_RECORDS SHOWN_
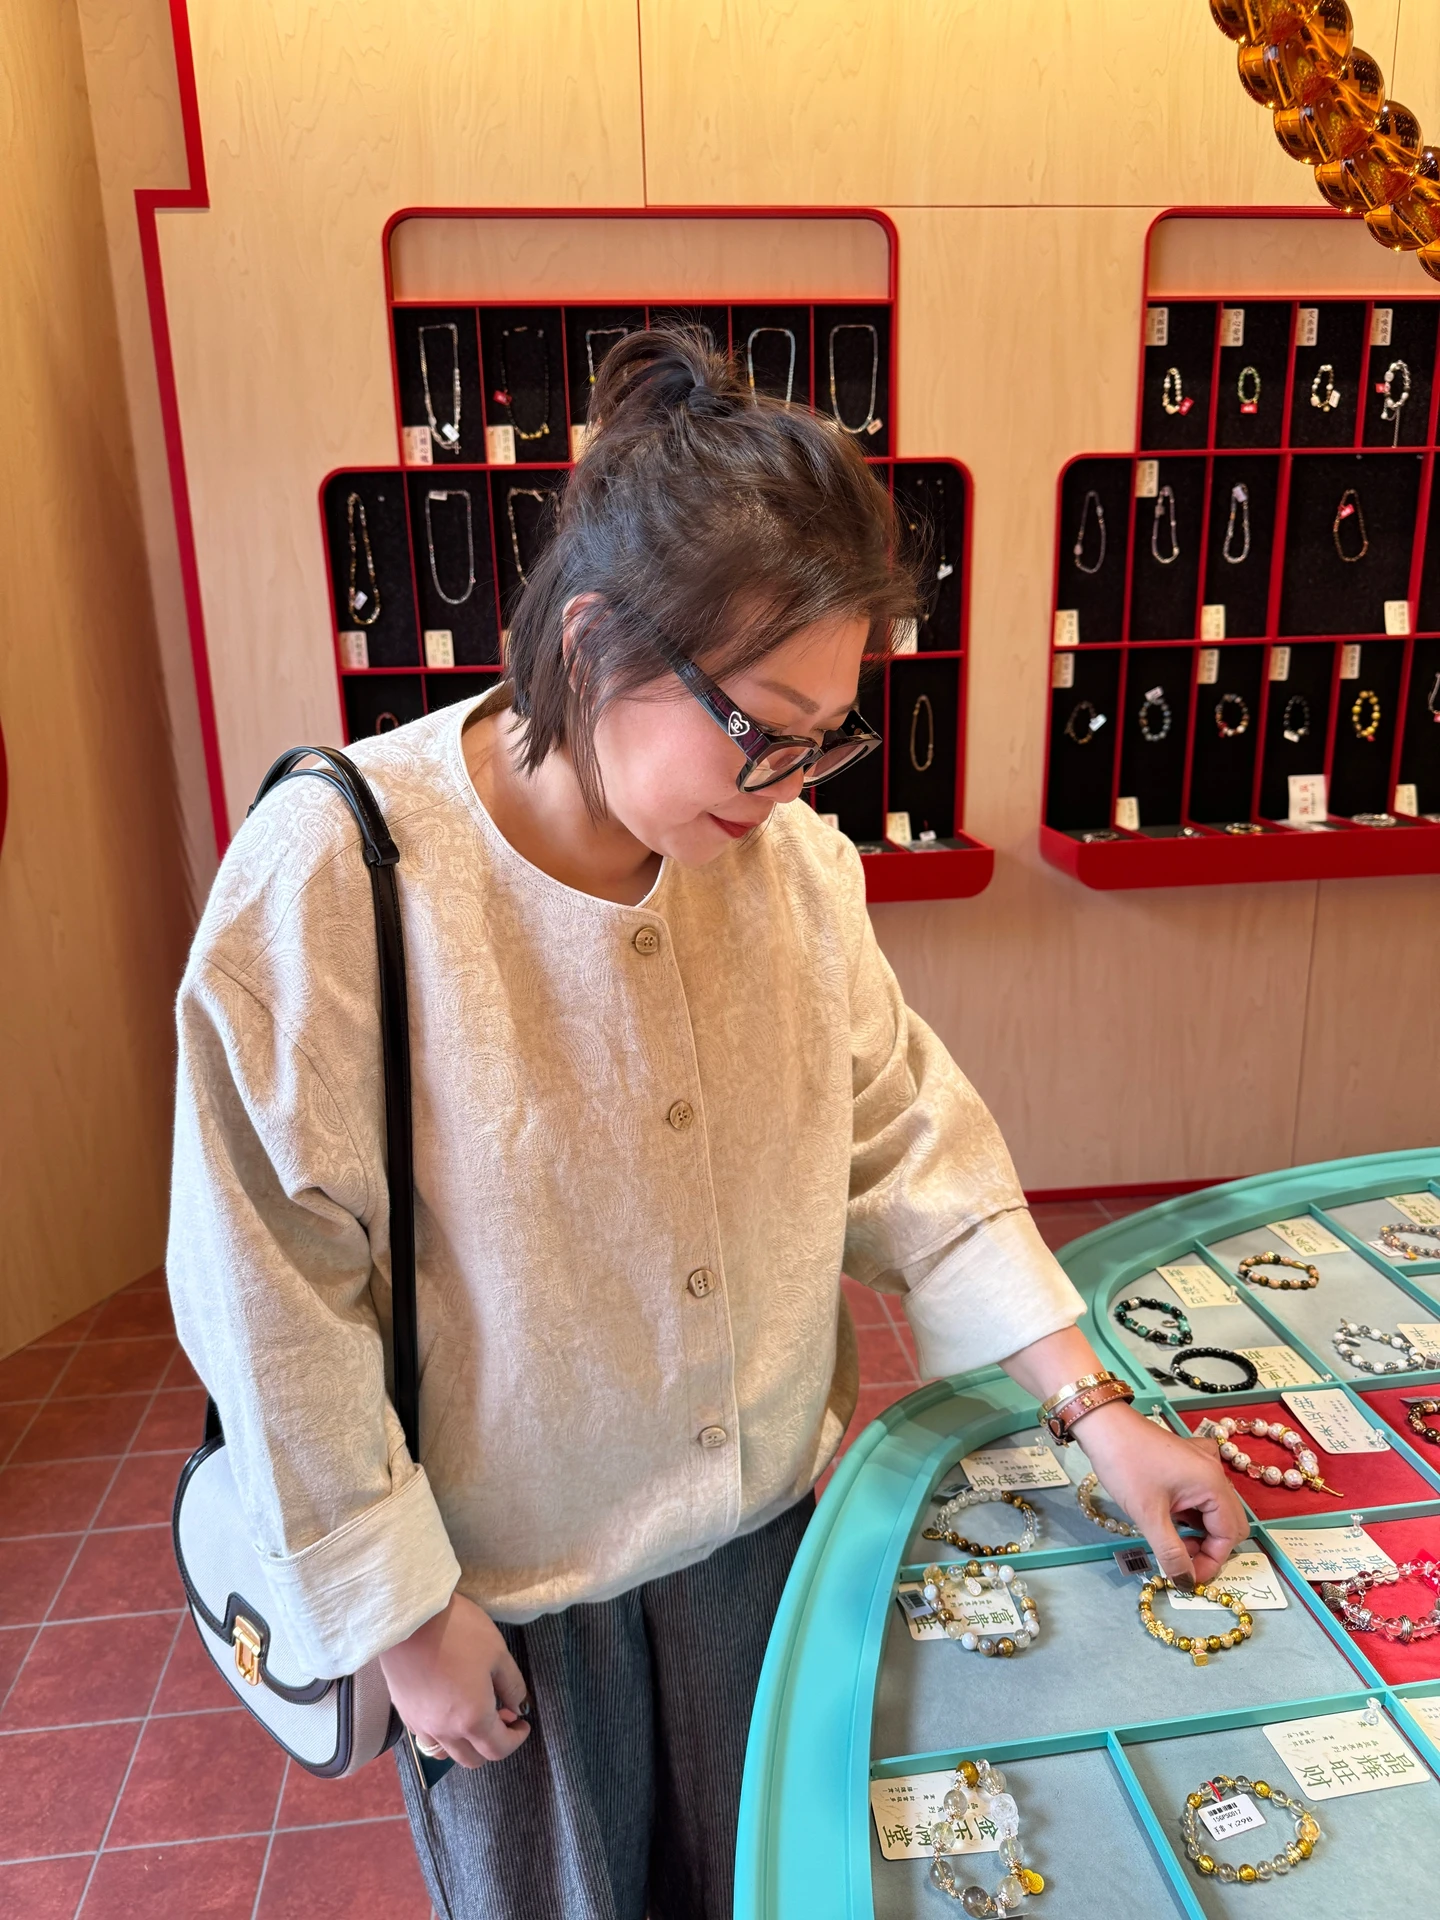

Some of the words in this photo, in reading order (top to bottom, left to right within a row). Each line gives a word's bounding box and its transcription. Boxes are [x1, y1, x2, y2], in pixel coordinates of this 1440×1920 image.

[1292, 1396, 1349, 1452] 时来运转
[971, 1469, 1063, 1488] 招财进宝
[1174, 1585, 1278, 1604] 万金身
[1295, 1751, 1416, 1790] 晶辉旺财
[882, 1814, 999, 1849] 金玉满堂
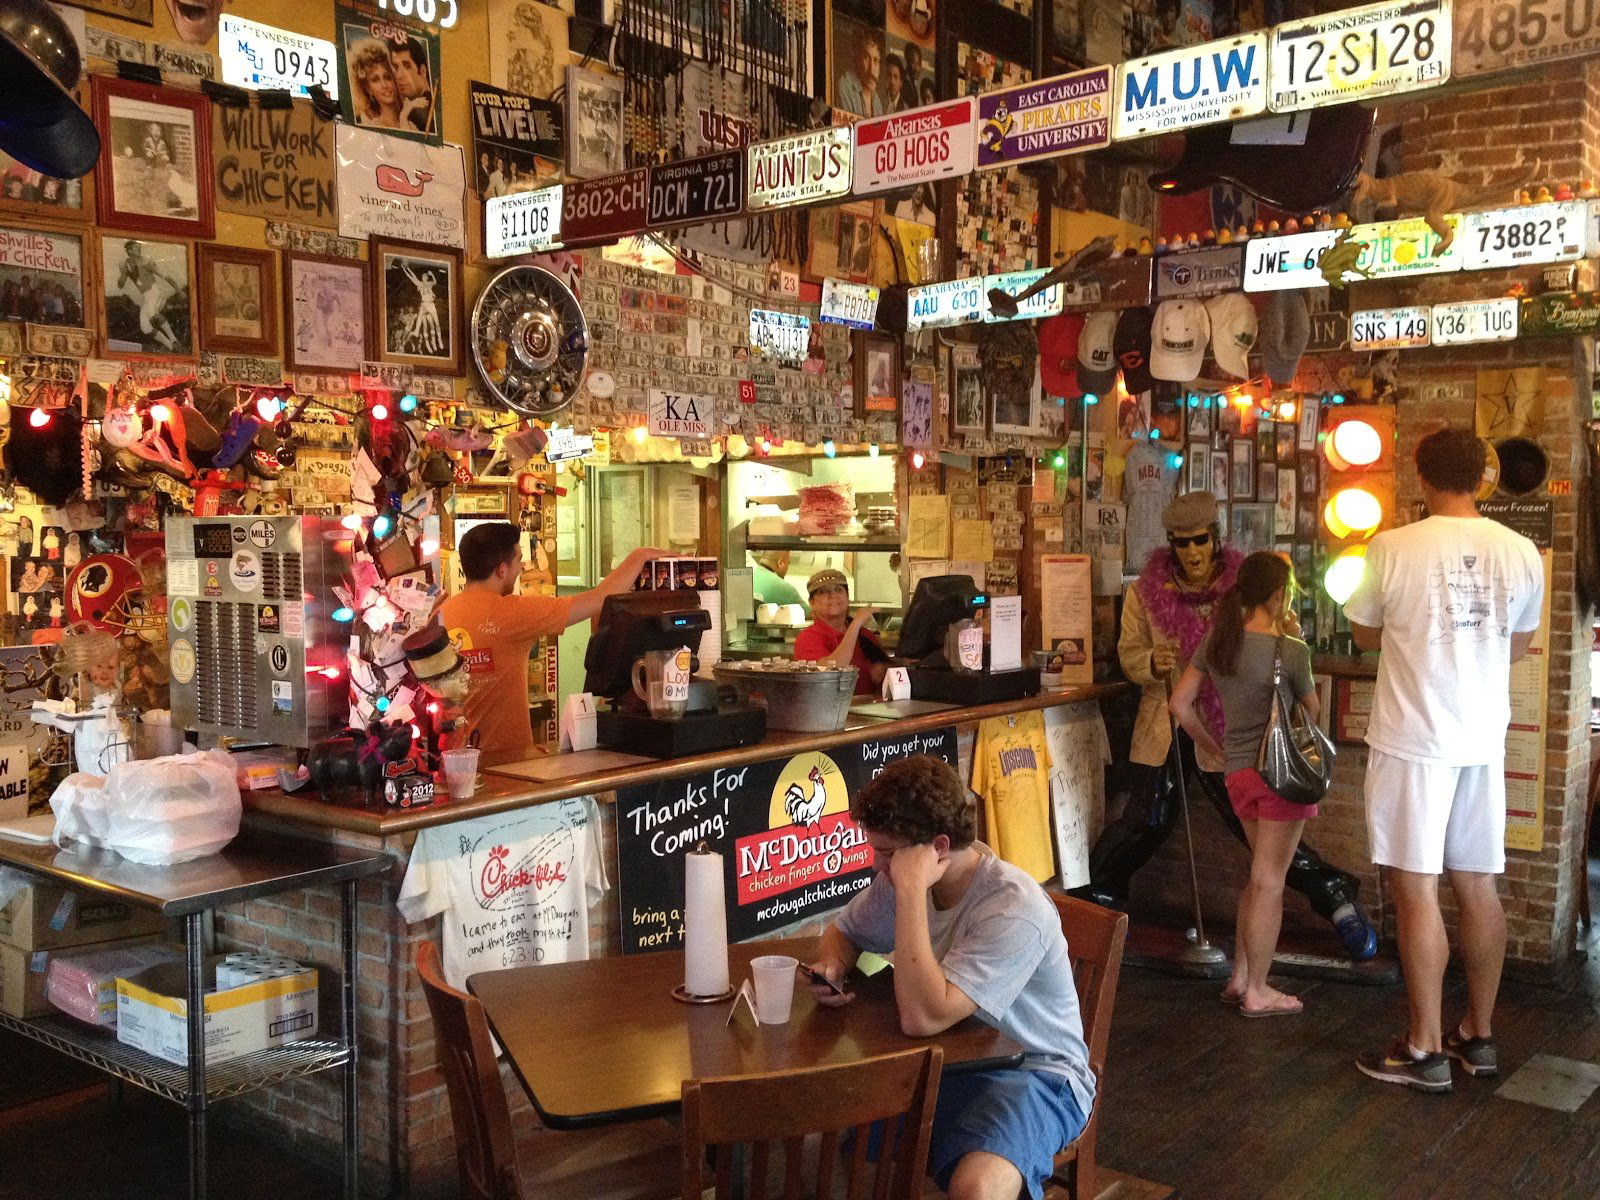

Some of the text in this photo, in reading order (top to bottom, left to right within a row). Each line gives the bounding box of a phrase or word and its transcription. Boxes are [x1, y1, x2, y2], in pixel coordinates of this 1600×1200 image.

[1317, 9, 1402, 32] TENNESSEE
[1460, 0, 1600, 58] 485-U
[250, 25, 311, 51] TENNESSEE
[369, 22, 409, 45] GREASE
[1287, 18, 1436, 84] 12-S128
[274, 47, 331, 86] 0943
[1125, 45, 1260, 112] M.U.W.
[503, 96, 531, 110] TOPS
[1018, 77, 1106, 108] EAST CAROLINA
[1021, 97, 1102, 131] PIRATES
[1127, 90, 1252, 122] MISSISSIPPI UNIVERSITY
[1157, 108, 1221, 128] FOR WOMEN
[475, 105, 538, 141] LIVE!
[884, 112, 942, 139] Arkansas
[771, 136, 825, 154] GEORGIA
[1017, 121, 1106, 151] UNIVERSITY
[260, 150, 297, 172] FOR
[875, 131, 950, 173] GO HOGS
[657, 158, 734, 181] VIRGINIA 1972
[886, 167, 936, 183] The Natural State
[217, 156, 335, 217] CHICKEN
[584, 175, 626, 190] MICHIGAN
[771, 184, 823, 200] PEACH STATE
[360, 194, 443, 218] vineyard vines
[505, 194, 551, 210] TENNESSEE
[511, 206, 550, 238] 1108
[1478, 220, 1553, 253] 73882
[1252, 252, 1289, 275] JWE
[783, 275, 796, 292] 23
[913, 289, 979, 318] AAU 630
[1354, 321, 1386, 343] SNS
[1395, 318, 1427, 341] 149
[1435, 314, 1465, 338] Y36
[1483, 310, 1513, 334] 1UG
[1091, 349, 1109, 362] CAT
[742, 385, 754, 399] 51
[658, 420, 706, 434] OLE MISS
[1137, 464, 1161, 482] MBA
[1480, 502, 1549, 513] Never Frozen!
[251, 530, 275, 539] MILES
[547, 648, 556, 694] SMITH
[896, 670, 903, 682] 2
[580, 698, 587, 713] 1
[862, 733, 945, 760] Did you get your
[412, 783, 434, 796] 2012
[626, 766, 748, 836] Thanks For
[650, 798, 730, 857] Coming!
[749, 850, 869, 893] chicken fingers wings
[757, 875, 871, 922] mcdougalschicken.com
[468, 922, 498, 938] came
[532, 910, 542, 920] at
[632, 907, 679, 927] bring a
[467, 941, 485, 958] and
[485, 936, 505, 952] they
[505, 929, 530, 943] took
[532, 929, 547, 942] my
[639, 925, 673, 947] next

_WHAT THE EXERCISE ASKS_
Everything in the records above except the pictures is to be reproduced word for word.

_ANSWER SECTION_
Some of the words in this photo, in reading order (top to bottom, left to right within a row). Each line gives a word's bounding box and its transcription. Boxes are [x1, y1, x2, y2], in pixel coordinates of this 1440×1920 image.

[1292, 1396, 1349, 1452] 时来运转
[971, 1469, 1063, 1488] 招财进宝
[1174, 1585, 1278, 1604] 万金身
[1295, 1751, 1416, 1790] 晶辉旺财
[882, 1814, 999, 1849] 金玉满堂

Some of the text in this photo, in reading order (top to bottom, left to right within a row). Each line gives the bounding box of a phrase or word and its transcription. Boxes are [x1, y1, x2, y2], in pixel coordinates of this 1600×1200 image.

[1317, 9, 1402, 32] TENNESSEE
[1460, 0, 1600, 58] 485-U
[250, 25, 311, 51] TENNESSEE
[369, 22, 409, 45] GREASE
[1287, 18, 1436, 84] 12-S128
[274, 47, 331, 86] 0943
[1125, 45, 1260, 112] M.U.W.
[503, 96, 531, 110] TOPS
[1018, 77, 1106, 108] EAST CAROLINA
[1021, 97, 1102, 131] PIRATES
[1127, 90, 1252, 122] MISSISSIPPI UNIVERSITY
[1157, 108, 1221, 128] FOR WOMEN
[475, 105, 538, 141] LIVE!
[884, 112, 942, 139] Arkansas
[771, 136, 825, 154] GEORGIA
[1017, 121, 1106, 151] UNIVERSITY
[260, 150, 297, 172] FOR
[875, 131, 950, 173] GO HOGS
[657, 158, 734, 181] VIRGINIA 1972
[886, 167, 936, 183] The Natural State
[217, 156, 335, 217] CHICKEN
[584, 175, 626, 190] MICHIGAN
[771, 184, 823, 200] PEACH STATE
[360, 194, 443, 218] vineyard vines
[505, 194, 551, 210] TENNESSEE
[511, 206, 550, 238] 1108
[1478, 220, 1553, 253] 73882
[1252, 252, 1289, 275] JWE
[783, 275, 796, 292] 23
[913, 289, 979, 318] AAU 630
[1354, 321, 1386, 343] SNS
[1395, 318, 1427, 341] 149
[1435, 314, 1465, 338] Y36
[1483, 310, 1513, 334] 1UG
[1091, 349, 1109, 362] CAT
[742, 385, 754, 399] 51
[658, 420, 706, 434] OLE MISS
[1137, 464, 1161, 482] MBA
[1480, 502, 1549, 513] Never Frozen!
[251, 530, 275, 539] MILES
[547, 648, 556, 694] SMITH
[896, 670, 903, 682] 2
[580, 698, 587, 713] 1
[862, 733, 945, 760] Did you get your
[412, 783, 434, 796] 2012
[626, 766, 748, 836] Thanks For
[650, 798, 730, 857] Coming!
[749, 850, 869, 893] chicken fingers wings
[757, 875, 871, 922] mcdougalschicken.com
[468, 922, 498, 938] came
[532, 910, 542, 920] at
[632, 907, 679, 927] bring a
[467, 941, 485, 958] and
[485, 936, 505, 952] they
[505, 929, 530, 943] took
[532, 929, 547, 942] my
[639, 925, 673, 947] next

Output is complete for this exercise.